Susanne Mathony: Sieht man sich den Social Selling Index (SSI) bei LinkedIn an, sind Unternehmensberater nicht grundsätzlich die besten „Selbst-Promoter“. Ihr individueller Score liegt aktuell im Schnitt bei 32 von 100 Punkten. Hier ist also noch viel Luft nach oben. Das ist auch der Grund, warum Beratungen aktuell so stark in Social Media-Trainings und -Tools über alle Hierarchiestufen hinweg investieren. 

Lassen Sie mich zwei Branchenfremde nennen – Oliver Bäte, CEO der Allianz und Stephan Wöllenstein, CEO VW China.

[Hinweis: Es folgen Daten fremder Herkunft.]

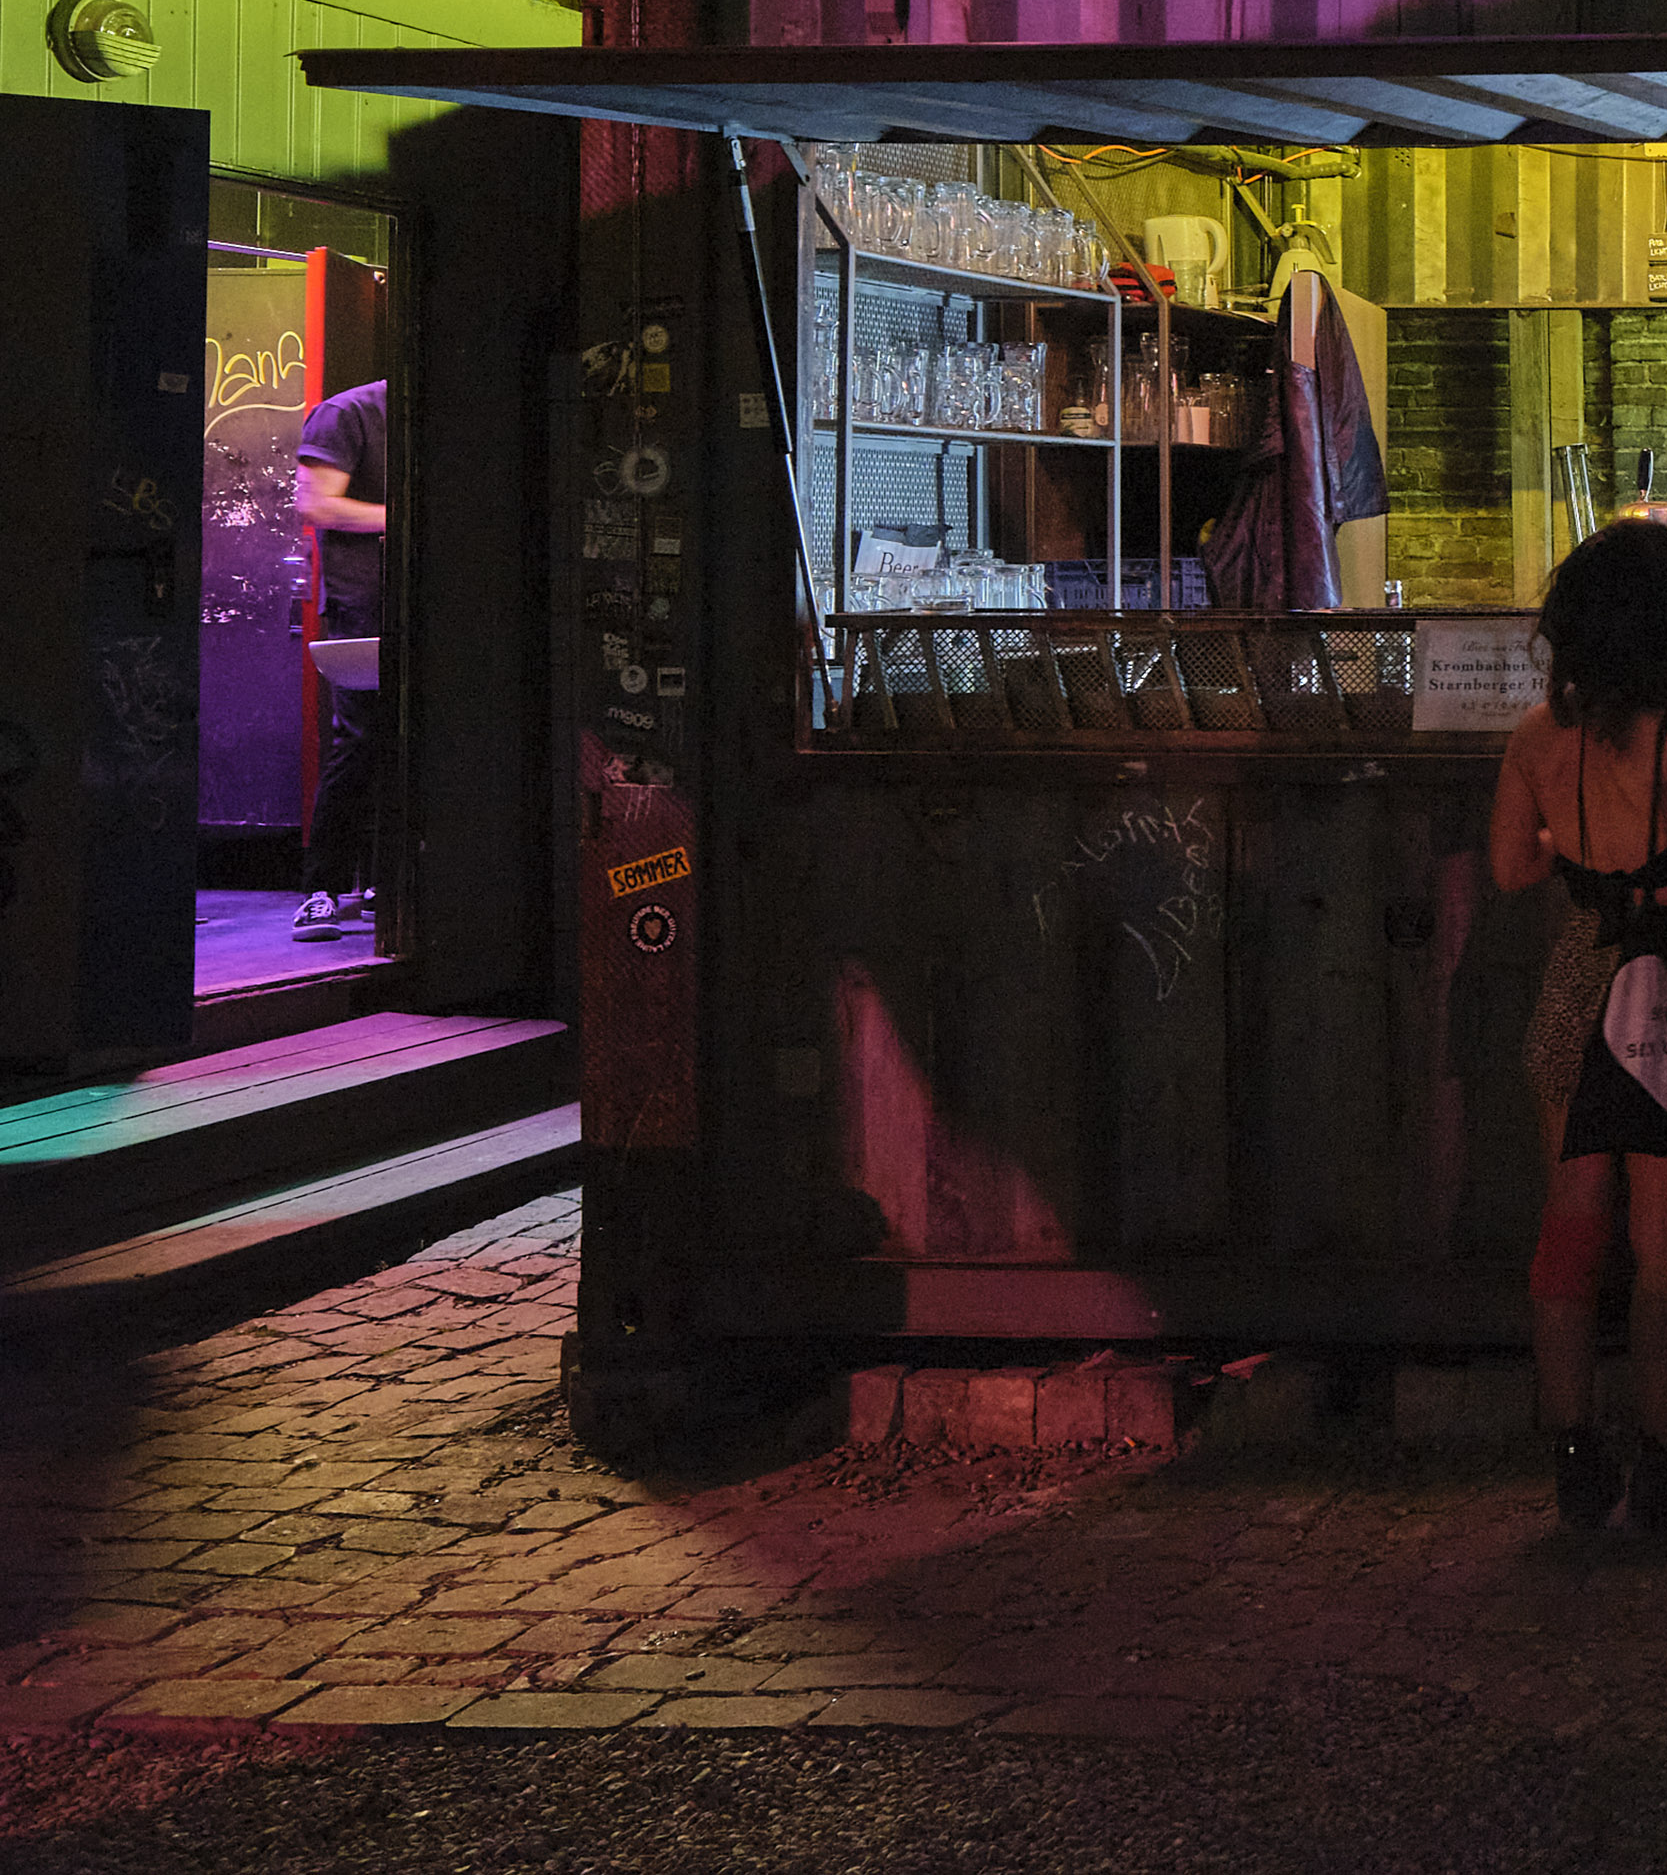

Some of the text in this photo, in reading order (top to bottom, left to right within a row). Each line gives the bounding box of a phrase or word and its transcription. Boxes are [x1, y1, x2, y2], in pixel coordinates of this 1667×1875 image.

[880, 551, 919, 575] Beer
[1432, 659, 1528, 672] Krombacher
[1428, 677, 1524, 693] Starnberger

Beide erfüllen für mich die Top 5-Anforderungen:

  1. Ihr Content-Mix überzeugt; d.h. sie promoten nicht durchgehend ihre Unternehmensmarke, sondern besetzen zusätzlich Themen, die für ihr Business wichtig sind.
  2. Sie kommunizieren professionell – und wagen dennoch den Blick ins semi-persönliche.
  3. Sie beweisen auch immer wieder Haltung bzw. zeigen klare Kante. Schauen Sie sich die extrem hohen Engagement-Raten von Stephan Wöllenstein zum Corona-Virus an. Hier zeigt er, dass China nicht einfach nur der wichtigste Absatzmarkt für VW ist, sondern beweist menschliche Anteilnahme. Dies hat ihm mehr als 1.000 neue Follower pro Woche beschert. Von den Beratungen gab es dagegen bislang nur Slides mit dem Einfluss der Pandemie auf die Lieferketten in der Automobilindustrie.
  4. Beide bzw. ihre Marketingverantwortlichen haben die Macht der Bilder verstanden. Die kaufen nicht einfach nur langweilige-austauschbare Stockfotos, sondern investieren in professionelle Shootings mit Fotografen, die eine Marke und den CEO dahinter mit allen Ecken & Kanten erlebbar machen.
  5. Beide wirken authentisch.

CONSULTING.de: Welche Media-Kanäle und Gattungen sind für Consultants besonders wichtig?

Susanne Mathony: Es gibt nicht die eine Lösung für den Erfolg einer Beratungsmarke. Was alle benötigen – egal ob Hidden Champion oder Global Player – ist eine durchdachte, profunde Strategie als Grundlage der Marketing- und Kommunikationsaktivitäten. Nur mit einem sauber herausgearbeiteten USP kann eine Beratungsmarke weiterwachsen und gedeihen – und sich vom Wettbewerb differenzieren. 

Insofern kommen sie um einen guten Marketing-Mix in einer Multikanalstrategie nicht herum: Und diese umfasst klassische Pressearbeit ebenso wie Social Media-Posts oder maßgeschneiderte Events, seien es eigene oder globale Plattformen wie das World Economic Forum (WEF) in Davos. Es gibt einen guten Grund, warum alle großen Beratungen hier als Sponsoren agieren, also zwischen ein und drei Millionen Euro für die Präsenz dort investieren. Werbung, Employer Branding und gezielte CRM-Maßnahmen gehören ebenso in den Mix.